Now I will look at some paper and cut-out style projects.
Thanks to Ryan, I found out about a few interesting projects that could help me in creating the forest assets that I plan on making.
The above is using simple and clean cutout shapes. Colours used are flat, and professional looking. The palette is harmonious, with the environment being in the shades of purple and blue. The set has occasional orange or pink colour which helps to set the focal point of the scene. The objects themselves have little detail which help the viewer focus on the messages and attractions rather than a busy background. The environment also invites the viewer to rest their eyes on the unusual presentation of subject matter and become interested in the topic.

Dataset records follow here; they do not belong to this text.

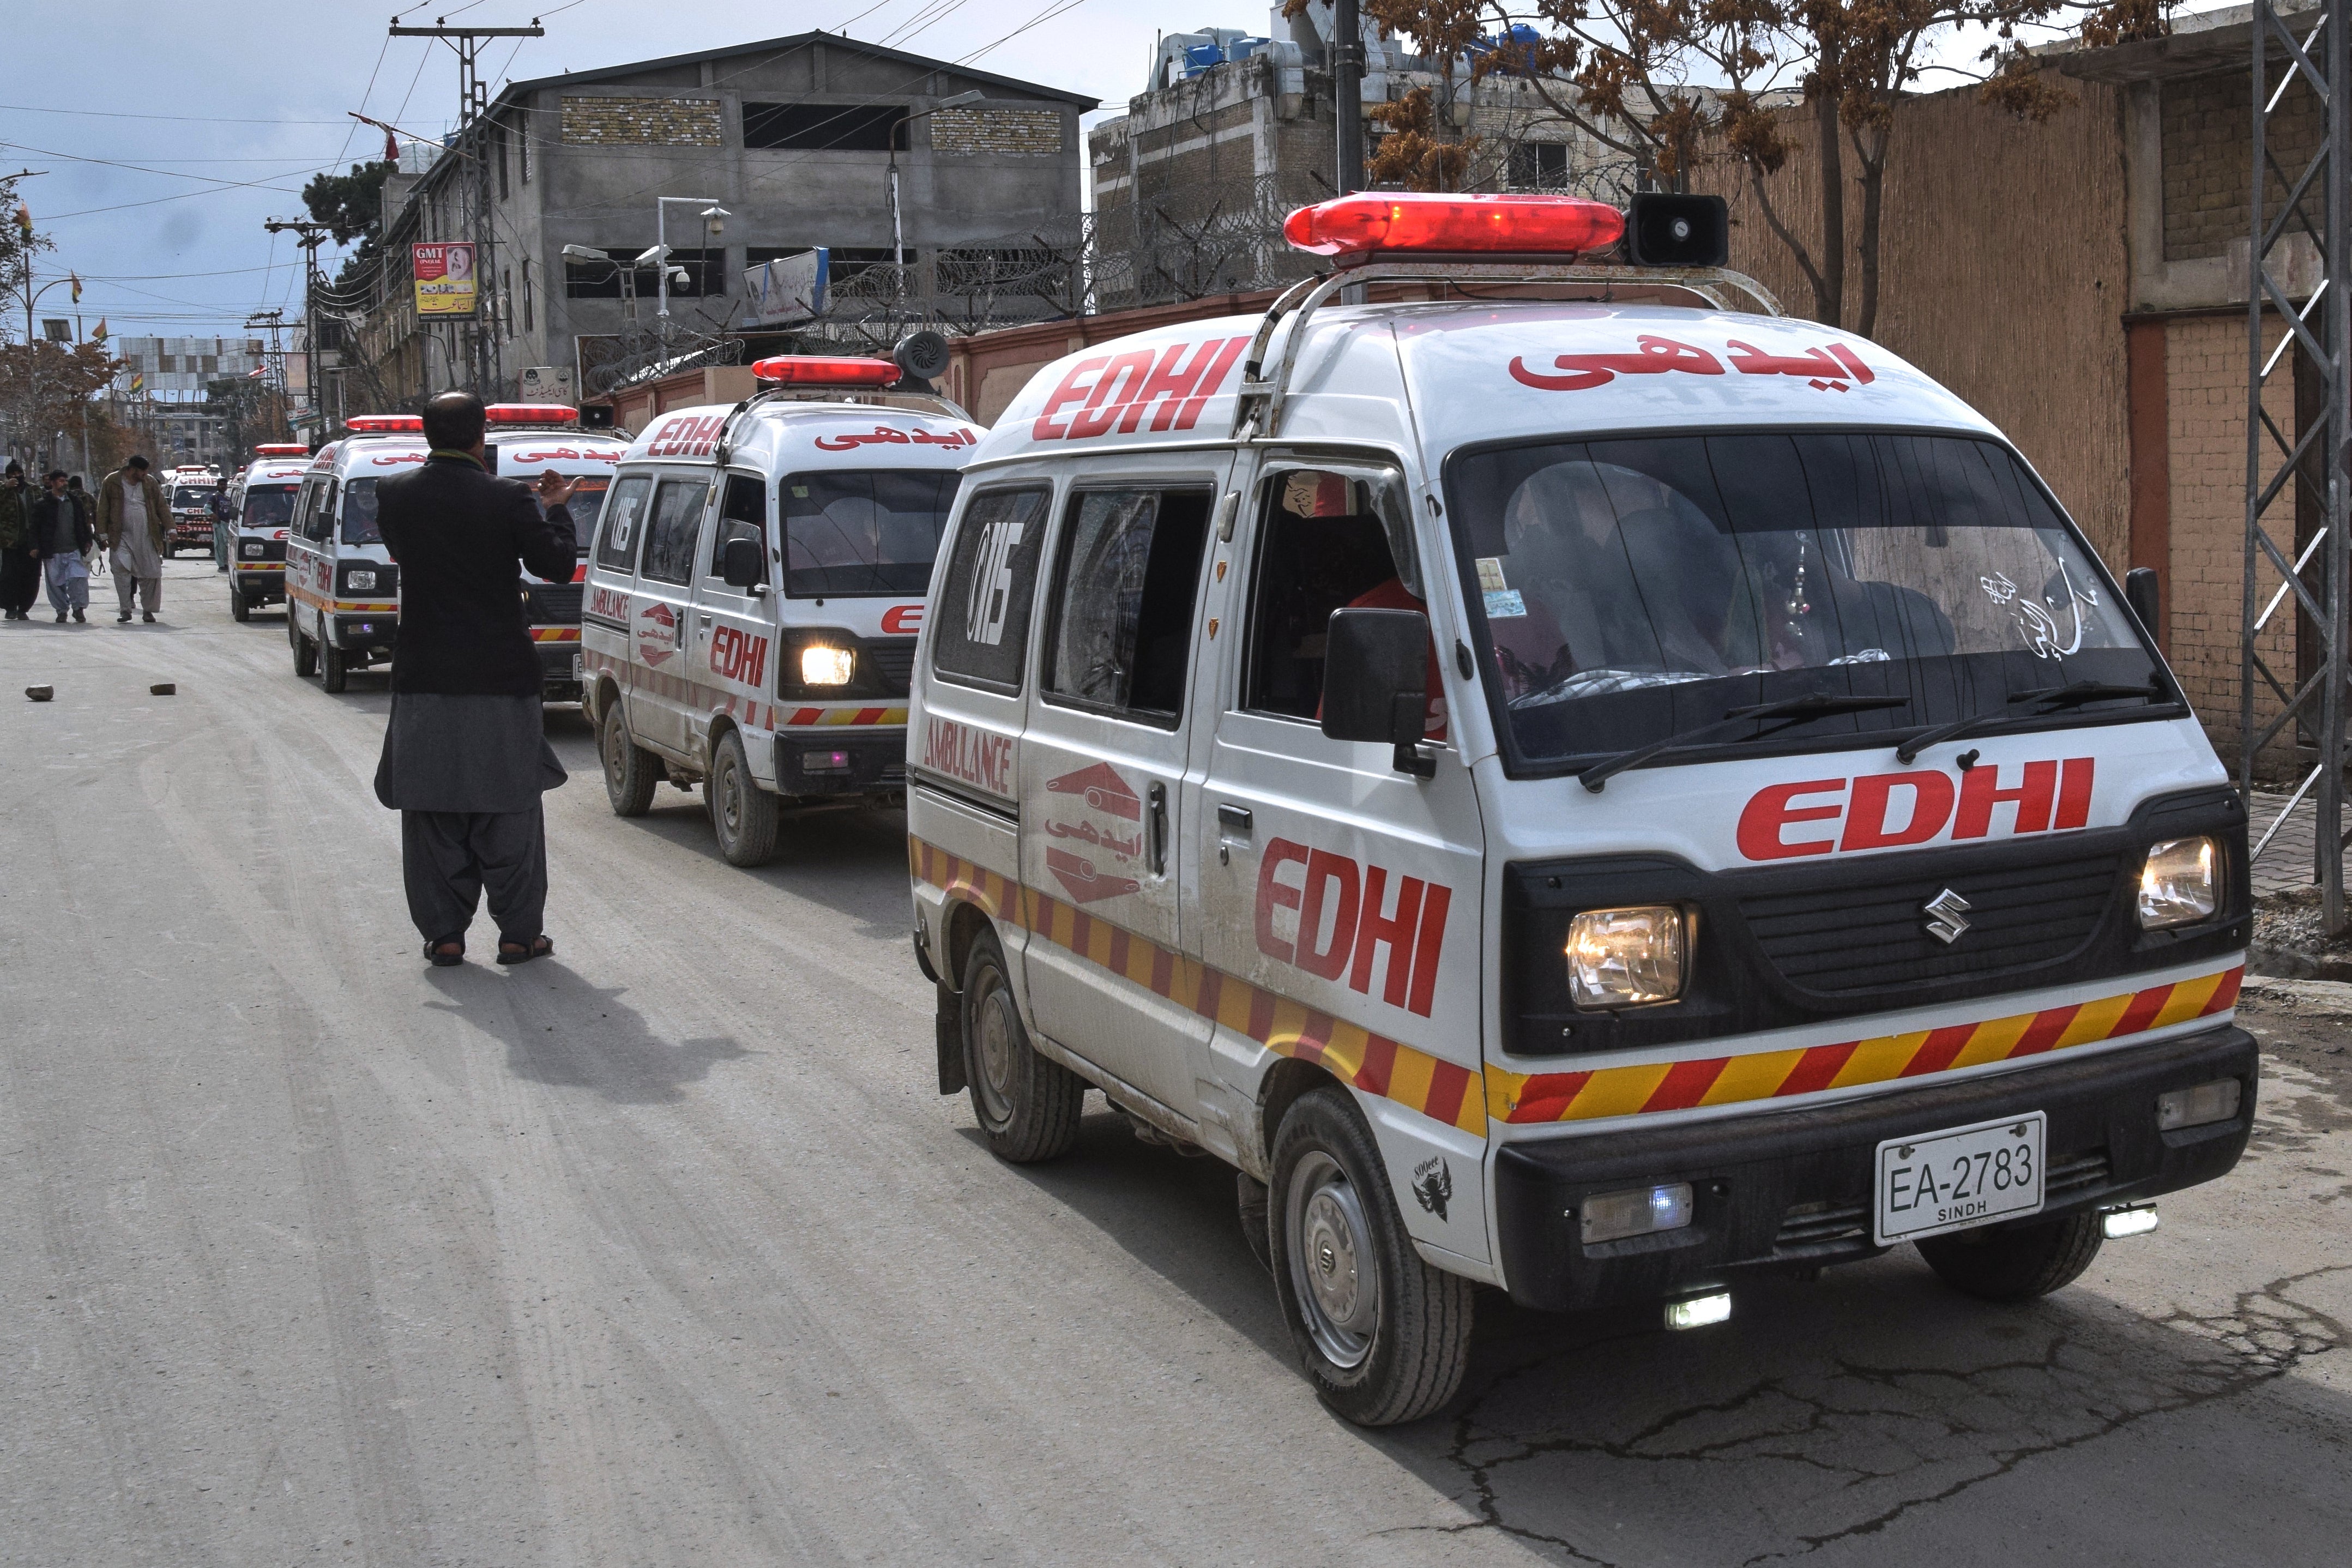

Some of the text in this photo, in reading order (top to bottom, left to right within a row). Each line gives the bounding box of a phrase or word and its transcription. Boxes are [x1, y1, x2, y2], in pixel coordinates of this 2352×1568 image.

[417, 248, 444, 258] GMT
[1032, 335, 1253, 441] EDHI
[648, 416, 725, 456] EDHI
[590, 587, 630, 620] AMBULANCE
[710, 625, 768, 688] EDHI
[924, 716, 1012, 794] AMBULANCE
[1736, 757, 2095, 861] EDHI
[1255, 836, 1452, 1018] EDHI
[1890, 1144, 2033, 1213] EA-2783
[1937, 1200, 1987, 1222] SINDH

What I think I can take from this example is to not worry about adding too much detail as simple but polished can also accomplish s lot.

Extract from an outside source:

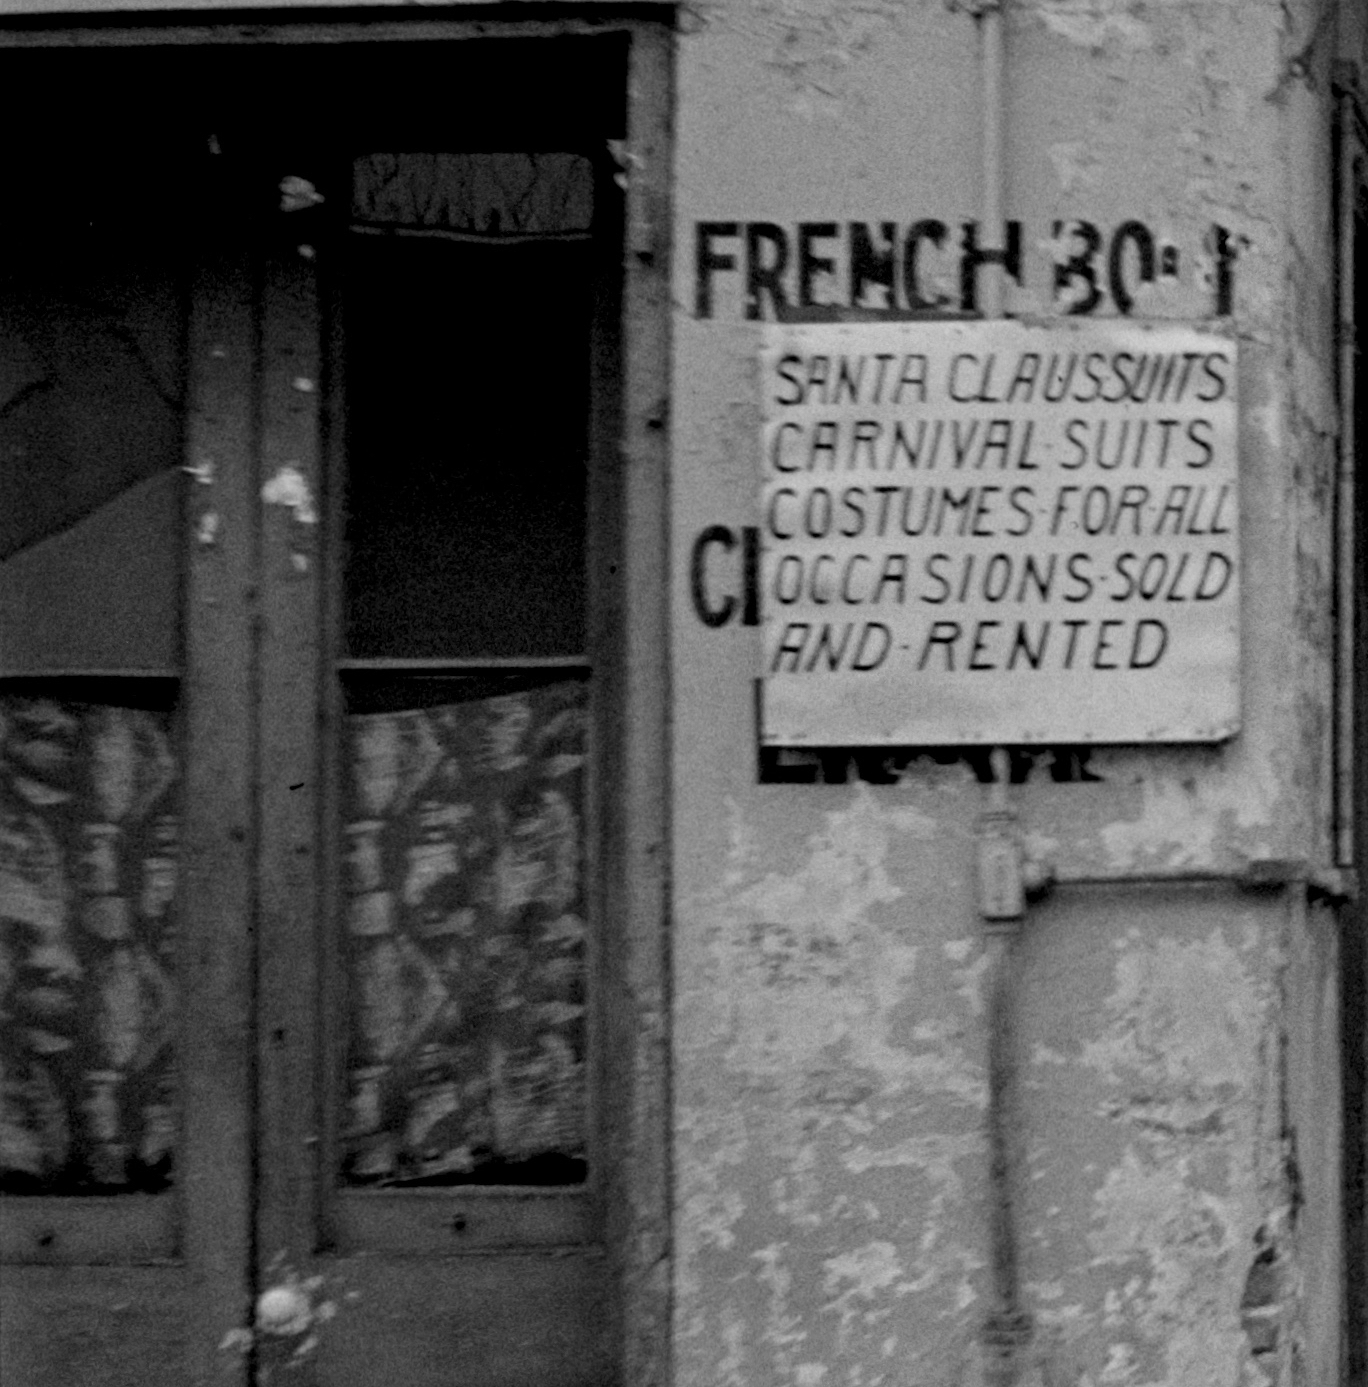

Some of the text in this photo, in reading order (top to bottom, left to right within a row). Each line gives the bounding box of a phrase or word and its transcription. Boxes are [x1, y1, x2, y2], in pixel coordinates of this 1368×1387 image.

This example has 2D style cutouts in a 3D environment. Here the art style is rough and painterly. The saturated colour used throughout gives a feeling of a dreamlike fantasy which is further empathised by occasional bright elements which give off a glow.
I think this is a good example of what can be done with the textures themselves instead of complicated models.
This one has a cartoony, flat, paper style. As well as a bright (not too bright) and cheerful colour palette which changes with the environment, adapting to different challenges the character has to face.I feel that there is some symbolism in how the colour is used as the character is the happiest in the brightly coloured sections and stressed in darker, less varied ones.
There are not many details in the textures however that benefits the simplistic look of the game and opens it up to more audiences.
This example has a realistic Origami paper folding style. It has a muted colour palette which is enhanced by the rich atmospheric lighting. The overall look of the environment reflects the beauty that can be created just by using paper alone, while it is still mad using the digital software.
This is one of the better origami experiences I have seen and I think it will really help me develop my ideas further. As there is a lot of detail in both texture and the paper models here( although at first it seems low poly detail) I’m not sure if I could push this project as far but we will see what will happen
Analysing Cardboard properties
Okay, so… The above are images of cardboard that I used to get a better sense of how it works. The things I noticed are:
This type of cardboard is relatively thin, which makes it pretty easy to bend along the ruffles and against as well (although a bit tougher).
When it is bent with the ruffles, they stretch. The whole inside of the curve deform, forming segments which correspond to the inner structure of the cardboard.
bending in the perpendicular to the section lines is more destructive to the overall structure, creating permanent creases.
It is easy to cut, although more precise curves require more accurate tools.
When two pieces are made to intersect, they often bend which deform the final structure. In the case of physical prototypes it is essential that they are straight for them to keep balance. In the Computer model however, this could be used to our advantage( just as if the model was glued to the base it was standing on) to give more interesting forms.
I might be a good idea to see what thicker cardboards are like. Maybe use those for more sturdy elements and the thin for delicate/detailed natural shapes.